- Task description: Transcribe the following records exactly, images excluded.

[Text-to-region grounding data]
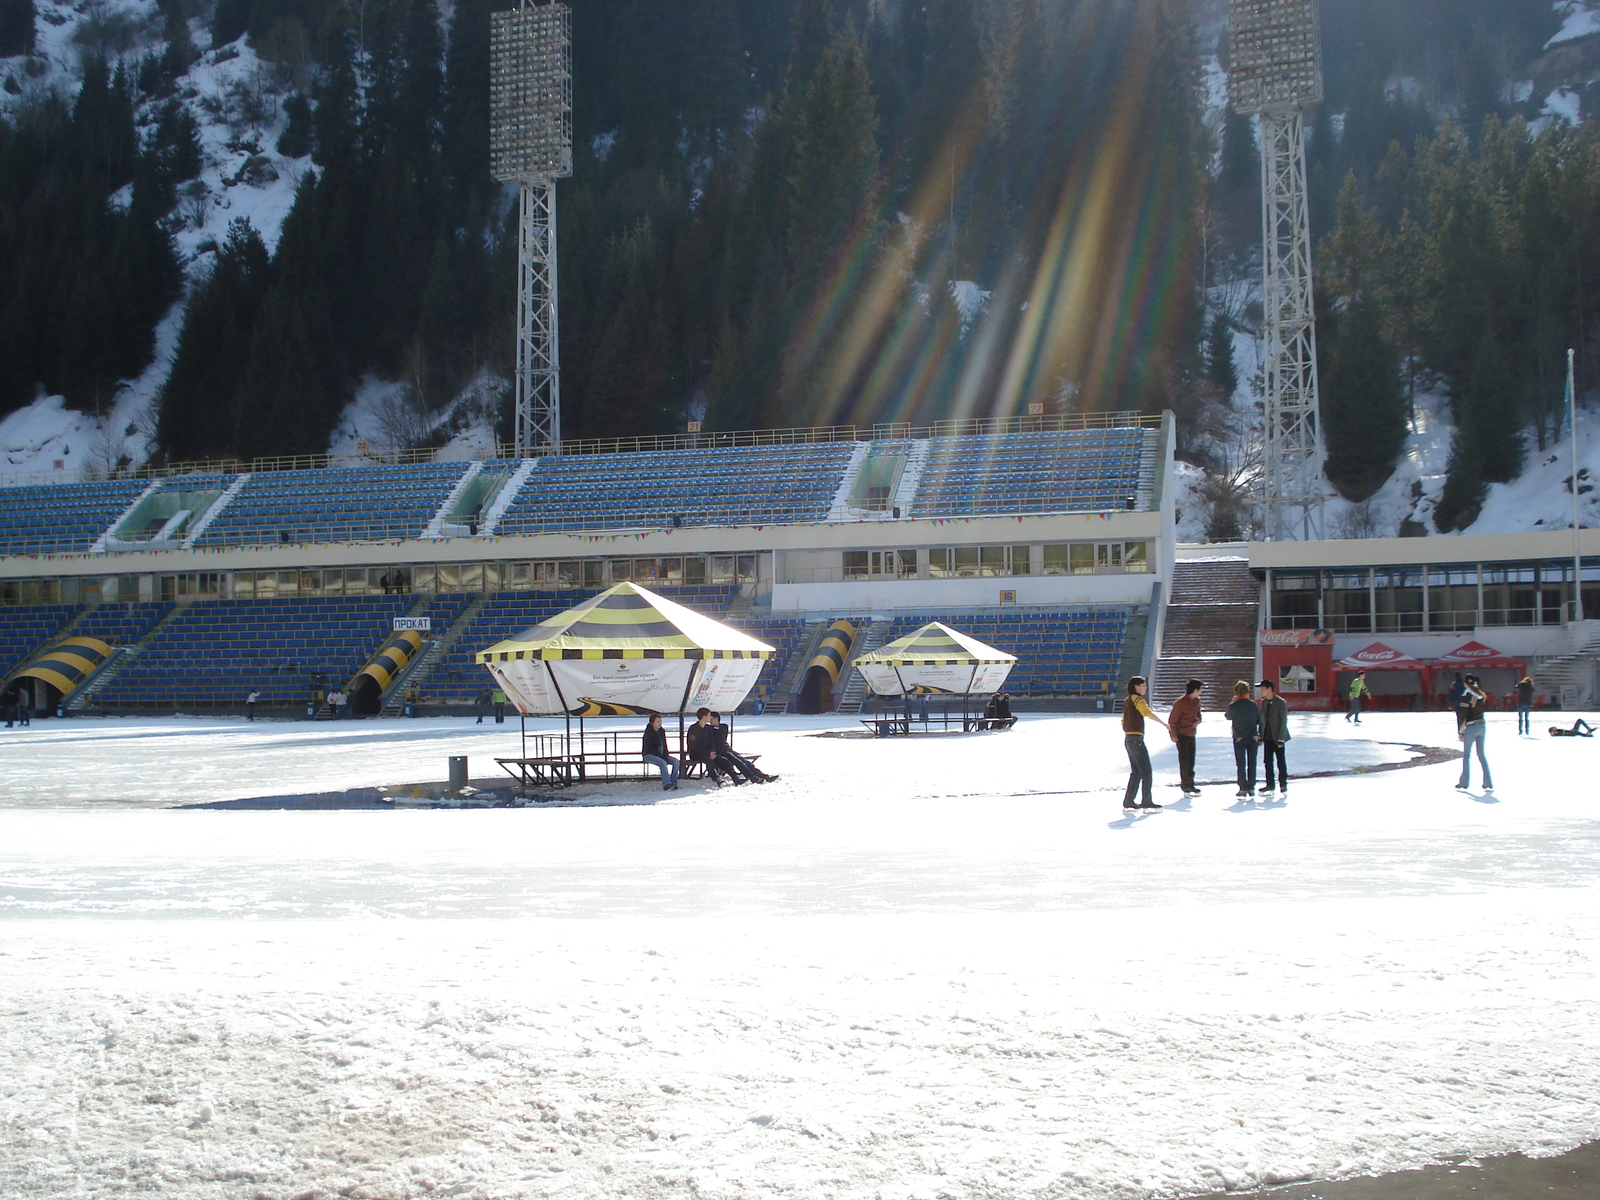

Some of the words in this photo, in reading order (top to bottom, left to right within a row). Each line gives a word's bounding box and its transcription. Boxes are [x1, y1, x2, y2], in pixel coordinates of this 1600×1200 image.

[1030, 404, 1042, 413] 22
[689, 422, 699, 431] 21
[357, 442, 367, 450] 20
[1003, 592, 1013, 601] 16
[394, 618, 429, 629] ПРОКАТ
[1264, 630, 1300, 644] Coca-Cola
[1357, 650, 1395, 659] Coca-Cola
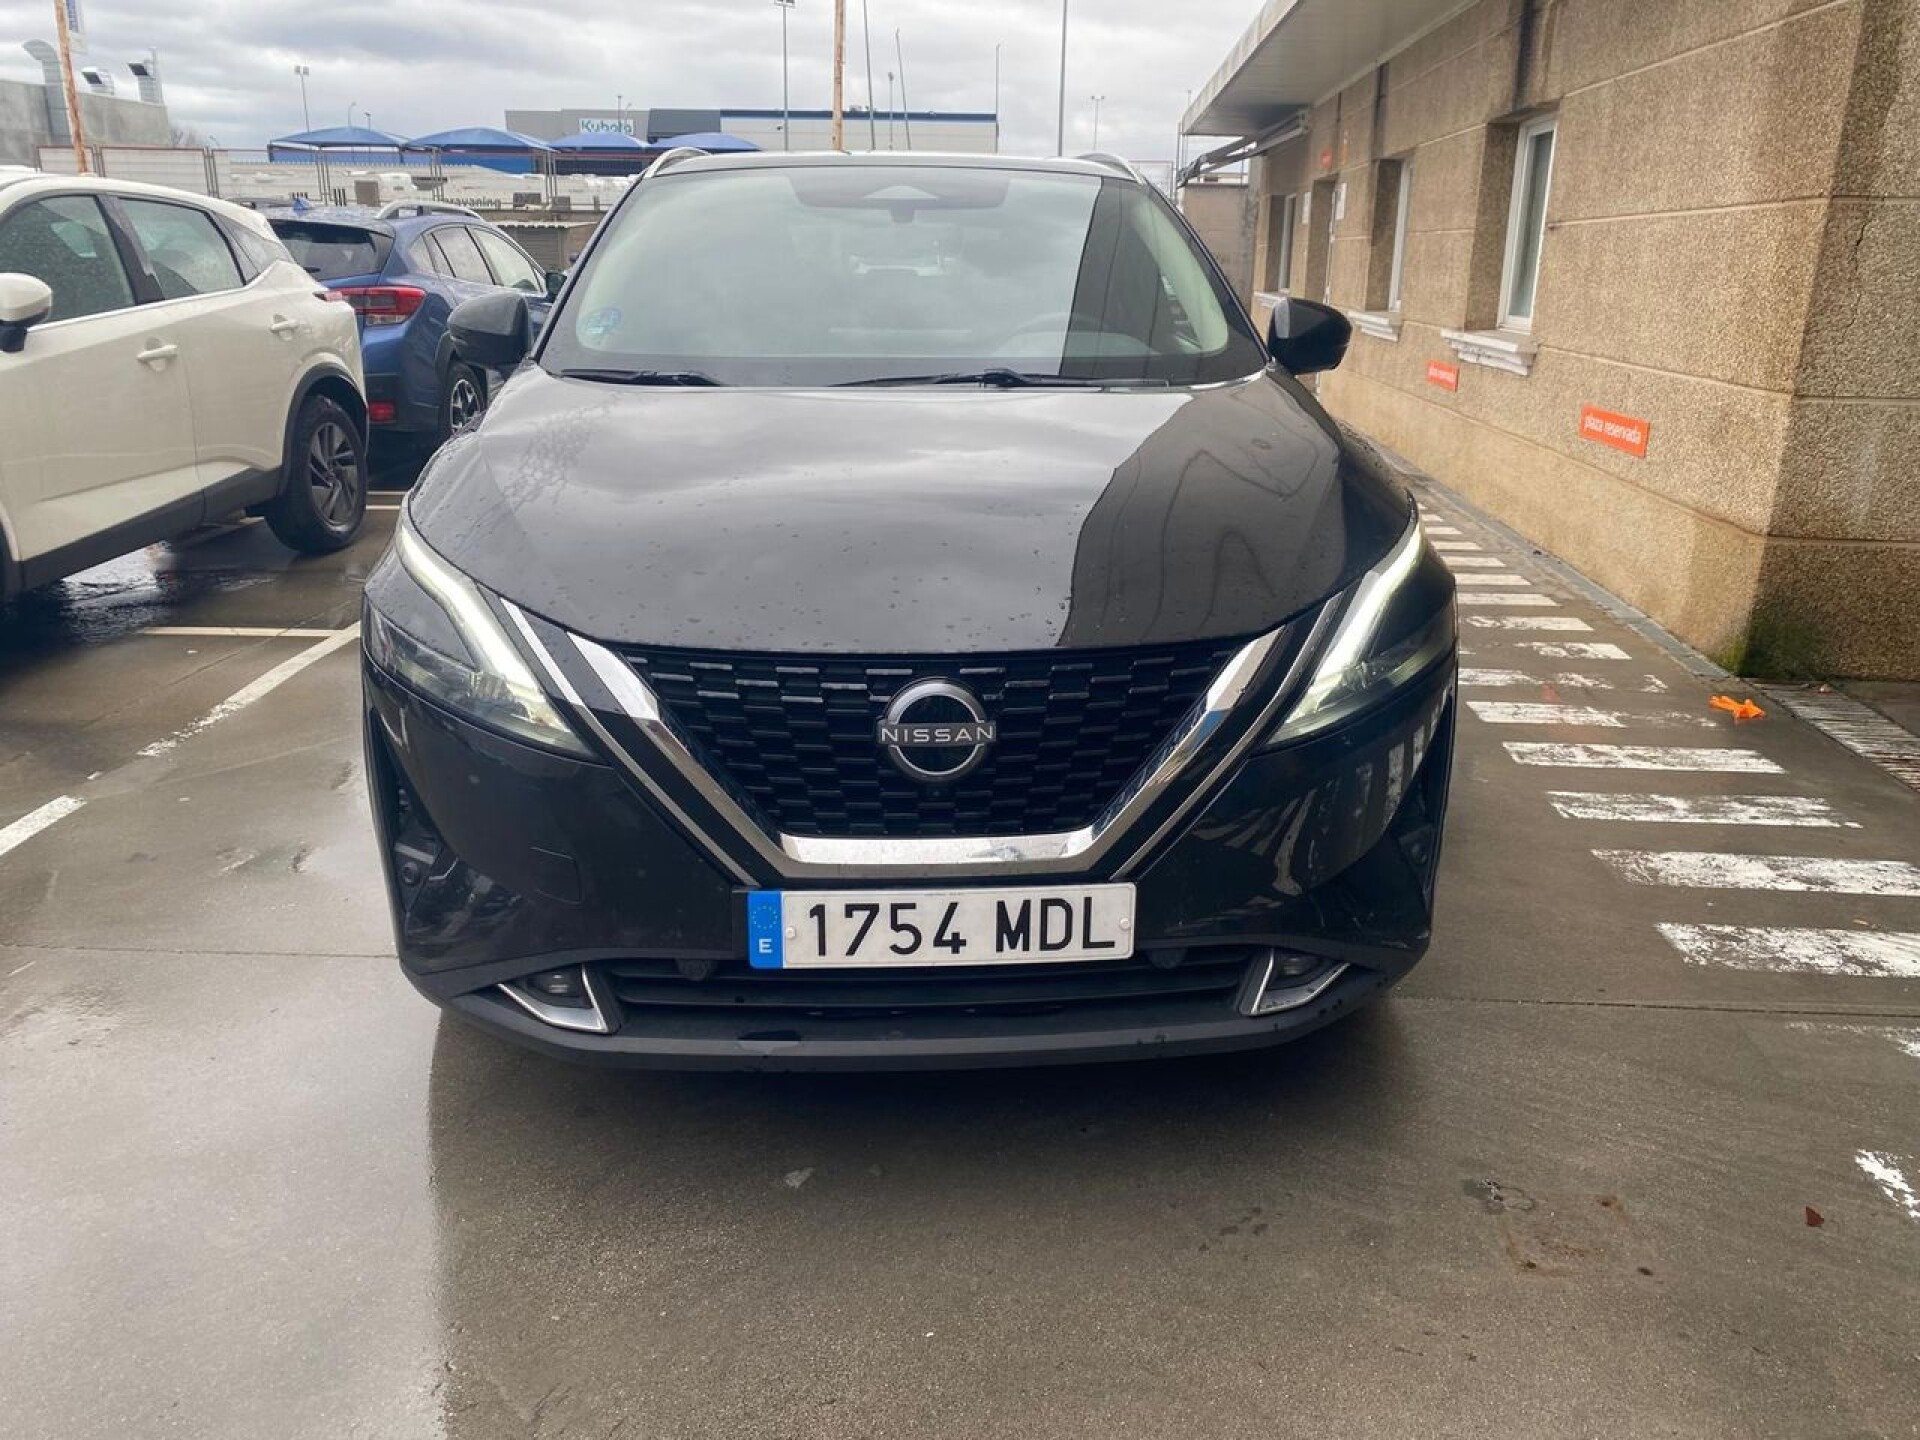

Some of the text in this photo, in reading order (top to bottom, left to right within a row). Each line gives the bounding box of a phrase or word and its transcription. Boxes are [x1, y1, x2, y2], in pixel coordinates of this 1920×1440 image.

- Task output:
Some of the words in this photo, in reading order (top to bottom, left to right within a row). Each line gives a word's bounding box and its transcription. Boxes are [x1, y1, x2, y2], in pixel coordinates of this 1600×1200 image.

[1030, 404, 1042, 413] 22
[689, 422, 699, 431] 21
[357, 442, 367, 450] 20
[1003, 592, 1013, 601] 16
[394, 618, 429, 629] ПРОКАТ
[1264, 630, 1300, 644] Coca-Cola
[1357, 650, 1395, 659] Coca-Cola

Some of the text in this photo, in reading order (top to bottom, left to right within a row). Each line gives the bounding box of a phrase or word and its transcription. Boxes are [x1, y1, x2, y2], in pixel coordinates of this 1920×1440 image.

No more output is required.